One major concern raised by business lobbies that filed friend-of-the-court briefs with the Supreme Court was the California judiciary's novel application of "public nuisance" doctrine to find the paint companies responsible.
The doctrine is typically applied to combat ongoing activities, such as a homeowner operating a crack house or a factory with noxious emissions, "not to something that happened decades ago," Sean Hecht, an environmental law expert at the UCLA Law School, told me last year.
Business groups are alarmed that the new notion of a public nuisance could "impose massive retroactive liability against American businesses for decades-old conduct that was lawful when it occurred," according to a brief the U.S. Chamber of Commerce filed with the high court. That could make companies liable for the effects of climate change or environmental pollution, among other problems.
After the California appeals court ruled against them, the lead paint companies tried the end run of promoting a ballot initiative that would absolve them of liability and create a $2-billion bond-financed fund to abate the lead problems. They disingenuously labeled their measure the Healthy Homes and Schools Act of 2018, but Atty. Gen. Xavier Becerra put the kibosh on that subterfuge by issuing his own title and summary for the initiative, redefining it as a measure that "eliminates certain liability for lead-paint manufacturers." A few months later, the companies withdrew the initiative.

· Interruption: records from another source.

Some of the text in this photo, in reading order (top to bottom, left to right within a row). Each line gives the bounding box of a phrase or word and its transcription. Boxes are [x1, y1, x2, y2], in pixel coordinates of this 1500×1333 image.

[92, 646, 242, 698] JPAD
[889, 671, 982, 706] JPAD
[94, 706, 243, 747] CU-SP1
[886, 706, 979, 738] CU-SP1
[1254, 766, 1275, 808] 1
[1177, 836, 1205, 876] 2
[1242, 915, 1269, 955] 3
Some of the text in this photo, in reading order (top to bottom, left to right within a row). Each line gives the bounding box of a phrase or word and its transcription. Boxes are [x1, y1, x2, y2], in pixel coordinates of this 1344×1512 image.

The basis of the California lawsuit was that the defendant companies' predecessors understood the health hazard of lead paint but nevertheless energetically promoted its use as a key to improving the durability and water-resistance of house paint. The dangers of lead had been known "since antiquity," Judge Kleinberg observed, and as early as the 19th century manufacturers were taking steps to warn their own workers against breathing lead dust on the factory floor.
Articles warning about children's propensity to gnaw on painted surfaces and become poisoned with lead were common in medical journals by the 1920s: "A child lives in a lead world," advised a 1924 paper. By the 1930s, parents were warned to avoid using lead-based decorative materials in children's nurseries and bedrooms.

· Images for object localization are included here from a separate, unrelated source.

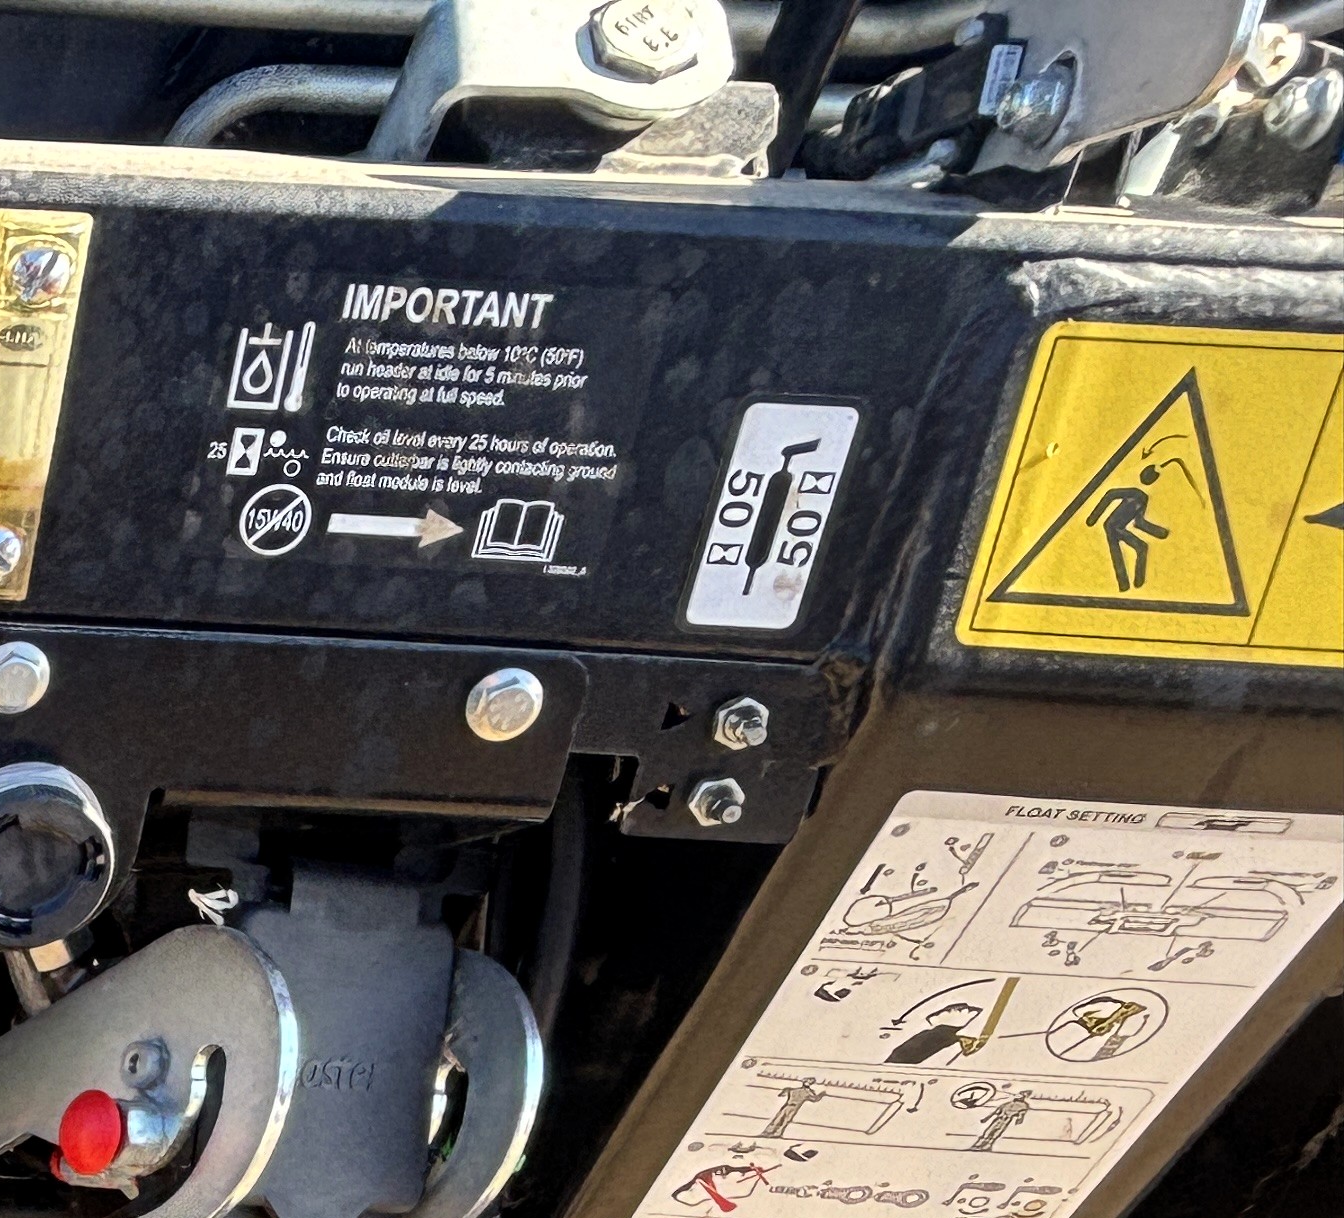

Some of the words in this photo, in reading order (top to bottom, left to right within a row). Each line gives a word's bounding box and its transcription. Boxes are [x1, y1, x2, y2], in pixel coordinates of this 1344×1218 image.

[342, 283, 555, 328] IMPORTANT
[345, 337, 361, 354] At
[364, 340, 454, 361] temperatures
[459, 343, 500, 362] below
[341, 361, 364, 377] run
[366, 360, 416, 380] header
[417, 364, 432, 381] at
[434, 363, 459, 382] idle
[462, 365, 483, 384] for
[484, 366, 496, 384] 5
[496, 368, 551, 388] minutes
[553, 370, 588, 391] prior
[336, 383, 351, 398] to
[353, 384, 416, 405] operating
[418, 387, 433, 403] at
[436, 386, 459, 404] full
[459, 388, 505, 408] speed.
[207, 441, 228, 459] 25
[326, 425, 370, 446] Check
[373, 429, 391, 446] oil
[392, 428, 426, 448] level
[428, 434, 466, 452] every
[469, 432, 488, 451] 25
[490, 434, 529, 453] hours
[532, 437, 548, 455] of
[549, 438, 617, 458] operation.
[321, 447, 371, 466] Ensure
[373, 450, 433, 469] cutterbar
[437, 453, 449, 470] is
[451, 454, 494, 477] lightly
[495, 457, 564, 480] contacting
[566, 461, 617, 482] ground
[316, 470, 343, 487] and
[346, 470, 376, 488] float
[378, 473, 429, 492] module
[432, 475, 444, 492] is
[447, 476, 483, 494] level.
[718, 469, 765, 528] 50
[776, 510, 822, 568] 50
[1004, 805, 1067, 820] FLOAT
[1067, 810, 1148, 825] SETTING

Yet the industry kept advertising residential lead paint _ "Lead helps to guard your health," declared a 1923 magazine ad for Dutch Boy lead paint placed by National Lead Co., the precursor to NL Industries. "Property owners ... are using white-lead paint to prolong the lives of their houses."
The Supreme Court's decision returns the case to the Superior Court in California, where the plaintiff communities will move to have a receiver appointed to oversee the $409-million fund.